Arca Chief Investment Officer Jeff Dorman pushed back on Sunday against rising speculation that Strategy could be forced to liquidate portions of its bitcoin holdings, saying that the fears circulating online ignore the company’s underlying financial strength and structural safeguards.

The debate resurfaced after longtime Bitcoin critic Peter Schiff reignited pressure on Strategy’s leveraged bitcoin strategy. Posting on X, Schiff argued that the firm’s reliance on income-focused buyers of its preferred shares leaves it exposed if demand slows. He claimed the advertised yields “will never actually be paid,” warned that the capital structure could slide into a “death spiral,” and predicted the company is “destined for bankruptcy.” Schiff also invited CEO Michael Saylor to debate him at Binance Blockchain Week in Dubai, appearing to seek a high-profile clash over Strategy’s aggressive bitcoin accumulation.

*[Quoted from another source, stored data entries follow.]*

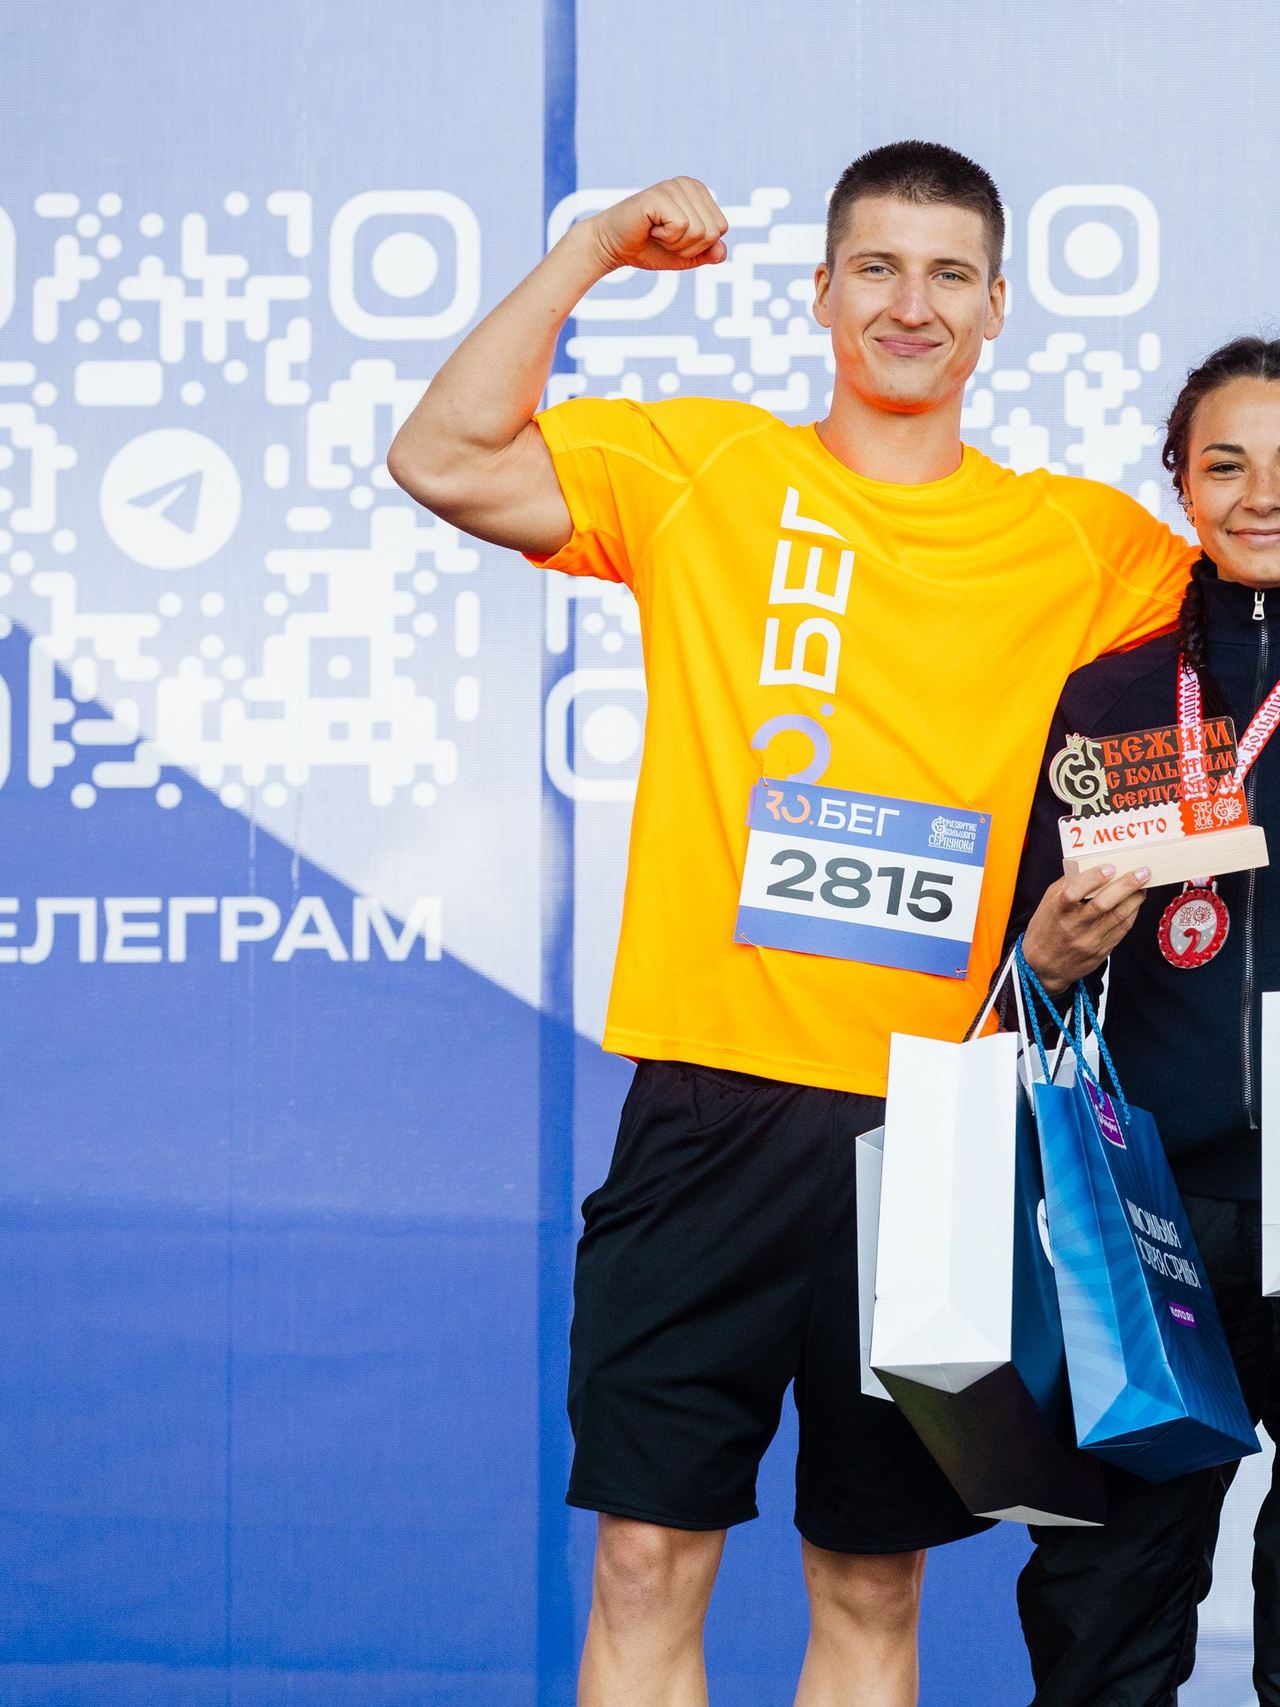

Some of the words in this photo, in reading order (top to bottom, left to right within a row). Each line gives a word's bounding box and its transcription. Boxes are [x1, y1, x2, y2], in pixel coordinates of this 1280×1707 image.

[1101, 720, 1233, 768] БЕЖИМ
[1105, 771, 1120, 790] С
[1124, 750, 1238, 786] БОЛЬШИМ
[928, 833, 975, 852] СЕРПУХОВА
[1069, 825, 1084, 849] 2
[1093, 817, 1167, 845] МЕСТО
[766, 849, 954, 923] 2815

Dorman took aim at these claims, describing them as “stupid, inaccurate takes” and insisting that concerns about forced bitcoin sales misrepresent Strategy’s actual risk profile. While he did not mention Schiff directly, his comments were a clear rebuttal to critics who argue the company could struggle in a deep bitcoin downturn.

According to Dorman, Saylor’s 42% ownership stake all but eliminates the possibility of an activist-led shakeup that might push the company to sell assets. He added that none of Strategy’s outstanding debt agreements contain covenants that would require bitcoin to be liquidated if market conditions deteriorate. Dorman also pointed out that Strategy’s longstanding software division continues to produce positive cash flow, which helps cover interest obligations he views as manageable. Companies rarely default simply because a maturity date approaches, he said, noting that lenders routinely extend loans in the familiar “extend and pretend” pattern.

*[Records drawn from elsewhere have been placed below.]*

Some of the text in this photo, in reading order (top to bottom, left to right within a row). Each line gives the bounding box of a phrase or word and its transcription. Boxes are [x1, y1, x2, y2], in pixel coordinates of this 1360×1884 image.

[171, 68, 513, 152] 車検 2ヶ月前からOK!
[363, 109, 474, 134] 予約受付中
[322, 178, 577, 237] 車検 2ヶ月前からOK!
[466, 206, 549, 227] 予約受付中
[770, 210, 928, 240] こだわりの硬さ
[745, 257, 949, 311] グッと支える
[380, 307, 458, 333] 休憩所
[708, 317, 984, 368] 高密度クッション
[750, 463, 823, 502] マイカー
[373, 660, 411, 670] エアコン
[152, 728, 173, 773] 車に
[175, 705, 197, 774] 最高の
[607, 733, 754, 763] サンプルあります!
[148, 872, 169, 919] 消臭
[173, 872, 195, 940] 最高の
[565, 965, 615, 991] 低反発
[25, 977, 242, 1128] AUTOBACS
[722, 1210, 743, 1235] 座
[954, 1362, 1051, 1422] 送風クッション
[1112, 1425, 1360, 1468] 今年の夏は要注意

Despite expanding its bitcoin reserves, Strategy’s stock has struggled this year. Class A shares ended Friday at $199.74, down 4.22% on the day and 33.42% year to date, while bitcoin has edged up about 0.4% in the same period. Data from StrategyTracker shows the company’s diluted market NAV multiple at roughly 1.06x — suggesting shares trade only slightly above a conservative, fully diluted estimate of their bitcoin-backed value.

Dorman also rejected claims that Strategy poses a systemic risk to the bitcoin market. The firm is no longer a major marginal buyer, he said, especially compared with the scale of ETF inflows. “If you follow anyone saying MSTR is a risk to BTC, tell them to call me,” he wrote.

Bitcoin traded near $94,293 at 11 p.m. UTC, down 1.2% over the past 24 hours.